Varese

Varese, L’assessore Molinari: consultori, una presenza importante in città

mediciI consultori a Varese sono un punto di riferimento per tanti cittadini che utilizzano questi servizi pubblici e privati per orientarsi e ottenere appropriati giudizi sulla propria salute. Roberto Molinari, assessore ai Servizi sociali, ribadisce come “i consultori sono importanti presidi di servizi socio – sanitari a sostegno delle famiglie, del singolo, delle coppie, delle donne e dei bambini”.

Continua l’assessore varesino: “I consultori familiari sono una grande conquista e una grande intuizione di uno Stato che mette a disposizione dei suoi cittadini, e in particolare delle donne e delle famiglie, strumenti di prevenzione, di promozione della tutela fisica, psicologica e, non ultimo, di consulenza e mediazione familiare”.

I consultori sono sia pubblici sia privati. A Varese quello pubblico si trova in via Ottorino Rossi, nei padiglioni dell’ex ASL, mentre tra quelli privati ci sono l’Istituto La Casa, che tra l’altro è appena entrato nel cinquantesimo anno di vita, sito in via Crispi, e quello più recente del Gulliver in via Albani.

Con la riforma socio sanitaria approvata dalla Regione Lombardia, dal 1° gennaio 2016, i consultori familiari pubblici sono stati posti in capo alle aziende ospedaliere trasferendoli dalle ex ASL. Ora, entro il 31 ottobre di quest’anno le aziende ospedaliere devono procedere a varare il nuovo piano di riorganizzazione dei servizi, piano che prevede, ovviamente, anche il futuro dei consultori.

“La presenza in città di queste realtà, pubblica e private, è sintomo del pluralismo che la nostra società ha sempre saputo dimostrare, ma anche della capacità di saper dare una offerta ampia di proposte alle diverse esigenze e ai diversi bisogni che le donne e le famiglie possono manifestare – insiste Molinari -. Se i consultori, nelle diverse impostazioni che i legislatori hanno inteso dare nel tempo, sono da considerarsi come importanti presidi di servizi socio – sanitari a sostegno delle famiglie, del singolo, delle coppie, delle donne e dei bambini in momenti importanti della vita, io credo, sia necessario e fondamentale agire affinché sia quelli pubblici sia quelli privati amplino la gamma dei servizi che possono essere dati e questo proprio in una logica di prevenzione, di sostegno e di accompagnamento che non può essere dimenticata”.

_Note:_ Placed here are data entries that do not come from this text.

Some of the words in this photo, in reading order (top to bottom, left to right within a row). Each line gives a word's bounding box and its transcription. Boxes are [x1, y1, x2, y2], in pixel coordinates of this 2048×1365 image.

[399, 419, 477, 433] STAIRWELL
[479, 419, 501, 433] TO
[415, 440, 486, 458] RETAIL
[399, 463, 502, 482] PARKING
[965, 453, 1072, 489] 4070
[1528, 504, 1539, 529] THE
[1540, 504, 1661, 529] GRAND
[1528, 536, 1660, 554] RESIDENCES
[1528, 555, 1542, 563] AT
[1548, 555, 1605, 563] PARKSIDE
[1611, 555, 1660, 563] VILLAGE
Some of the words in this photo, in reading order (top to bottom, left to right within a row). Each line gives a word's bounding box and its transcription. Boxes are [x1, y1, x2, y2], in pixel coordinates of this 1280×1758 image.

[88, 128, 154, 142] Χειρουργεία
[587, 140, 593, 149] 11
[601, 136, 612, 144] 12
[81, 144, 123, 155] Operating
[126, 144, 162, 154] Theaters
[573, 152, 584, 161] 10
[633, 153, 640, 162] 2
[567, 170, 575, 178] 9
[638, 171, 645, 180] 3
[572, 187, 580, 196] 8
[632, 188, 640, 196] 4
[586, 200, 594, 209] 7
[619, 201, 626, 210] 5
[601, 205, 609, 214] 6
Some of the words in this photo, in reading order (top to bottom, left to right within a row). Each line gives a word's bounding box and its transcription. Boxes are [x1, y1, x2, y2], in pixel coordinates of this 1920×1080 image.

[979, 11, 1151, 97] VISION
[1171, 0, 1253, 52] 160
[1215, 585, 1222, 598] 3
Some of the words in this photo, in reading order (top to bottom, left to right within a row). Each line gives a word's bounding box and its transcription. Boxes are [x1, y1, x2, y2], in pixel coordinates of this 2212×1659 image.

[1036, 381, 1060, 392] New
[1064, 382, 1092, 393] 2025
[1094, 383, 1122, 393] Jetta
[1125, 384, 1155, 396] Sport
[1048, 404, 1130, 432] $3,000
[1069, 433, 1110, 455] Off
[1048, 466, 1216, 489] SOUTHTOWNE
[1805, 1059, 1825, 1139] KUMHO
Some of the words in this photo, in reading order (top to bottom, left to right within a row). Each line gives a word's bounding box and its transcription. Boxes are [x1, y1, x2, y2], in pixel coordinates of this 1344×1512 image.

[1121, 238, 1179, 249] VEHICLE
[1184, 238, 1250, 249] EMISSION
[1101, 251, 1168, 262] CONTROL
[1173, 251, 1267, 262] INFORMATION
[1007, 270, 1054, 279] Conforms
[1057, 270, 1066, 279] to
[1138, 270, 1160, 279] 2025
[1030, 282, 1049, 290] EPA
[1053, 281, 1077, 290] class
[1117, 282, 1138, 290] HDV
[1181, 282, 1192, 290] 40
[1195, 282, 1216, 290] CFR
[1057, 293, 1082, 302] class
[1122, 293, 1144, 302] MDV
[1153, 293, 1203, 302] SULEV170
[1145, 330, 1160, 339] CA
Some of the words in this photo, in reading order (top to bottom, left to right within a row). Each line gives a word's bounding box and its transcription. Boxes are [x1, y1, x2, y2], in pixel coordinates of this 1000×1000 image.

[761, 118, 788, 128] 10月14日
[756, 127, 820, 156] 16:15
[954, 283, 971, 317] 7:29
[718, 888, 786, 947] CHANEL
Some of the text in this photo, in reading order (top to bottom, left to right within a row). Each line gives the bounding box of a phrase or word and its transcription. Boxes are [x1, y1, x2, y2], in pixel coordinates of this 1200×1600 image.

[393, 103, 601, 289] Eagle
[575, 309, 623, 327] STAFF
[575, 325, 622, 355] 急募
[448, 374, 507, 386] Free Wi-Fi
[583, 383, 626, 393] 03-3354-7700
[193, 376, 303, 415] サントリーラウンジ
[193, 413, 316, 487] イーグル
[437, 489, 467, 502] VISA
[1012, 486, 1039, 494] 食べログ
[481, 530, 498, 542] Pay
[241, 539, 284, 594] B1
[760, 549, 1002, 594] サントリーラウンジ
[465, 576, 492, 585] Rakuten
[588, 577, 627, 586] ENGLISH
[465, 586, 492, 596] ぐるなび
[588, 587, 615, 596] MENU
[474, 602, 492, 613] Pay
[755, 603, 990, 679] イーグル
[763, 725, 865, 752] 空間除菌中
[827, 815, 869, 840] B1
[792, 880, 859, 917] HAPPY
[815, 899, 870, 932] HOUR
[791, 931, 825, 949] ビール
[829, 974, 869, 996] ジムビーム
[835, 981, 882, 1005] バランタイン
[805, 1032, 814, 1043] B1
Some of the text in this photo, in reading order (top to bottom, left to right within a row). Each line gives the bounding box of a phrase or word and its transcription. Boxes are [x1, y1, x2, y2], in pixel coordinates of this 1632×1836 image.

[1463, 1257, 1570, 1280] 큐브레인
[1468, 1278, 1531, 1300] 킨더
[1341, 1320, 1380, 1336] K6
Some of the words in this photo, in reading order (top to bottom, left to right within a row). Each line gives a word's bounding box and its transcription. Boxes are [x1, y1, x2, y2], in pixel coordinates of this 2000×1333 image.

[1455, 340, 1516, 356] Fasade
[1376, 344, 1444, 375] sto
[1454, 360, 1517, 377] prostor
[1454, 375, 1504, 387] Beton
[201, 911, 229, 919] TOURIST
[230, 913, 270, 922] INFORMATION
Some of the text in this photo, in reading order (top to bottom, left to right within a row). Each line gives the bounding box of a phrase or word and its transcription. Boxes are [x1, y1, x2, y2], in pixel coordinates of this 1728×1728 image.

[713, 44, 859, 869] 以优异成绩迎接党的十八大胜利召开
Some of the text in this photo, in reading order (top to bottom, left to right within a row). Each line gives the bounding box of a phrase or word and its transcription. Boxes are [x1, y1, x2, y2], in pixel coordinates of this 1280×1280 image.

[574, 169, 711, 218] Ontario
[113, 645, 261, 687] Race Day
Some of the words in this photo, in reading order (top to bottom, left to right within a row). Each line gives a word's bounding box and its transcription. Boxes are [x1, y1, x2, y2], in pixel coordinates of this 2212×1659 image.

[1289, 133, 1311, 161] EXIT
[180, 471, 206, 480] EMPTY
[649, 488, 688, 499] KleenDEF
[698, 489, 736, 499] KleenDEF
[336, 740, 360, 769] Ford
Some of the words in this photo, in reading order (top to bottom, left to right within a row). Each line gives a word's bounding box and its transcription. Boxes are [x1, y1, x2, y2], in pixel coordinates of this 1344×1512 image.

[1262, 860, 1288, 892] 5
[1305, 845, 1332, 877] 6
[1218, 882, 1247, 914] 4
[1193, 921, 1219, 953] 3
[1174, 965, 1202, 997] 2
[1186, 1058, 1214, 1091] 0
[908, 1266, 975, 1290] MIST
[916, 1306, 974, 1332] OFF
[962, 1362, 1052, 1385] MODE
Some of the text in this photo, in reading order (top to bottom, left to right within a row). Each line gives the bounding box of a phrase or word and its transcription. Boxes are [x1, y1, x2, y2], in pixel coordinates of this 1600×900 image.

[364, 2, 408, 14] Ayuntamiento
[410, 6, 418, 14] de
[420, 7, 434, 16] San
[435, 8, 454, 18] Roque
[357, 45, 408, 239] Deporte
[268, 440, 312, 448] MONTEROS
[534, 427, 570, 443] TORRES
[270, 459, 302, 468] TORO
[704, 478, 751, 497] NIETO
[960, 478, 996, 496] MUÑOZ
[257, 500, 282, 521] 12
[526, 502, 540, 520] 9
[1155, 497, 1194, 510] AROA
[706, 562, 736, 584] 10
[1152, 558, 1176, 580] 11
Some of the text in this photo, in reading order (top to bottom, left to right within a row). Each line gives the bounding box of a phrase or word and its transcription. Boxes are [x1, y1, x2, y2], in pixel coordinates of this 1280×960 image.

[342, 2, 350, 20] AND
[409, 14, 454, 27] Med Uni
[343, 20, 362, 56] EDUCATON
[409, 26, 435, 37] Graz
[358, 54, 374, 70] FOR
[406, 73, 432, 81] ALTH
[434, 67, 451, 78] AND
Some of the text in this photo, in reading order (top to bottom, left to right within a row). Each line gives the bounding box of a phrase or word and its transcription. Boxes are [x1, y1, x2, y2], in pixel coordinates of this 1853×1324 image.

“Proprio per questo – rimarca l’assessore Molinari –  sono da evidenziare almeno tre aspetti. Il primo, la necessità per la città di Varese di dare voce alle diverse sensibilità che ci chiedono come amministratori pubblici e quindi come Comune di non abbassare la guardia e l’attenzione verso tutti i presidi sociosanitari presenti nella nostra città, e questo pur non avendo di fatto nessuna competenza particolare in materia soprattutto sanitaria. Secondo, far si che l’offerta pubblica e privata sia ampia e sempre più competitiva nel fornire servizi al fine di mantenere alta la qualità proposta, ma anche la capacità di non diminuire il grado di prevenzione che è fondamentale in una società evoluta come la nostra. Terzo, un obiettivo preciso come assessorato ai servizi sociali: favorire sempre più relazioni e la creazione di sinergie tra tutti i soggetti presenti sul territorio e l’ente comune al fine di evitare depotenziamenti e lavorare insieme per rispondere al meglio ai varesini”.